Страница 1 из 14
Святослав Тараховский
Немое кино без тапера
(роман)
Часть первая
1
День рождения Дарьи было решено отметить дома, в его профессорской квартире с потолками три сорок, толстыми, сталинскими, не спасшими когда-то его отца от Сталина, стенами, встроенной итальянской кухней и японским кондиционером. Не особо модно, конечно, не клуб, не тусня на яхте, не суши-хуюши на лесной опушке с одним, как в прошлом году, отравившимся до фиолетовой слизи, а все же Ладыгин настоял, чтобы ее тридцать пять гуляли не в ресторане, а, так сказать, в гнезде, потому что праздник, хоть и намечался общий, на всех, в первую очередь был родительским, семейным.

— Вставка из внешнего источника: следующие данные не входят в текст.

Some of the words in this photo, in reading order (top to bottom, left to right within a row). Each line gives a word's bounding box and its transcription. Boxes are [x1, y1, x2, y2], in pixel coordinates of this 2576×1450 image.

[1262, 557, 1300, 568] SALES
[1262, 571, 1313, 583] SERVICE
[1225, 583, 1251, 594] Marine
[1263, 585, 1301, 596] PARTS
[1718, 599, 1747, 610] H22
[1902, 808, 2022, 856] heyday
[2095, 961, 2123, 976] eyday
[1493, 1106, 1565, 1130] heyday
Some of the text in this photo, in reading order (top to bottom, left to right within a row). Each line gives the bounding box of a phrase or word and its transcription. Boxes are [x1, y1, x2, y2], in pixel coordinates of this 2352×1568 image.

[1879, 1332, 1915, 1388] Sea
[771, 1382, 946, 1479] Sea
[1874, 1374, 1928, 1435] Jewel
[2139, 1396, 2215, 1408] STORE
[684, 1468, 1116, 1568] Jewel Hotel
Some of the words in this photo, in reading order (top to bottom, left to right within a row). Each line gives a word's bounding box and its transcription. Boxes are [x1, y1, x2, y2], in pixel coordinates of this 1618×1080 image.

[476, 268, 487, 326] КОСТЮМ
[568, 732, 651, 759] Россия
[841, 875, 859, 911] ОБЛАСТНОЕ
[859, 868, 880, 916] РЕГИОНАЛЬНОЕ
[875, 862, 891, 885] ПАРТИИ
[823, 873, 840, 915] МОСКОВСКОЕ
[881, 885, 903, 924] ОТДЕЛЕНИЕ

Назначено было на семь, но, как водится, к семи подоспели лишь некоторые, особо передовые. Валом гость накатился к половине восьмого. От приветствий и шумных поцелуев загудело в ушах. «Старуха, позволь приложиться… Дашка-а-а, салям!.. Классно, что вы оба сподобились!.. Это жесть, Вова, чистая жесть!.. Спасибо, Маргоша, разоблачайся… Солнце, это тебе… Вау! Сема, бросай прямо сюда». Вешалки не хватило, куртки, пальто и шубы скидывались вповалку на старинный кованый сундук, которому это в самый раз пристало. В прихожей запахло духами, сигаретами и морозом. Энергией, перспективами и глупостью. Поколением, вошедшим в силу.
Наконец, к восьми, когда аппетит и желание загула перевесили необходимость дожидаться опоздавших, по команде Дарьи все шагнули к столу и, пошаркав по полу стульями, уселись.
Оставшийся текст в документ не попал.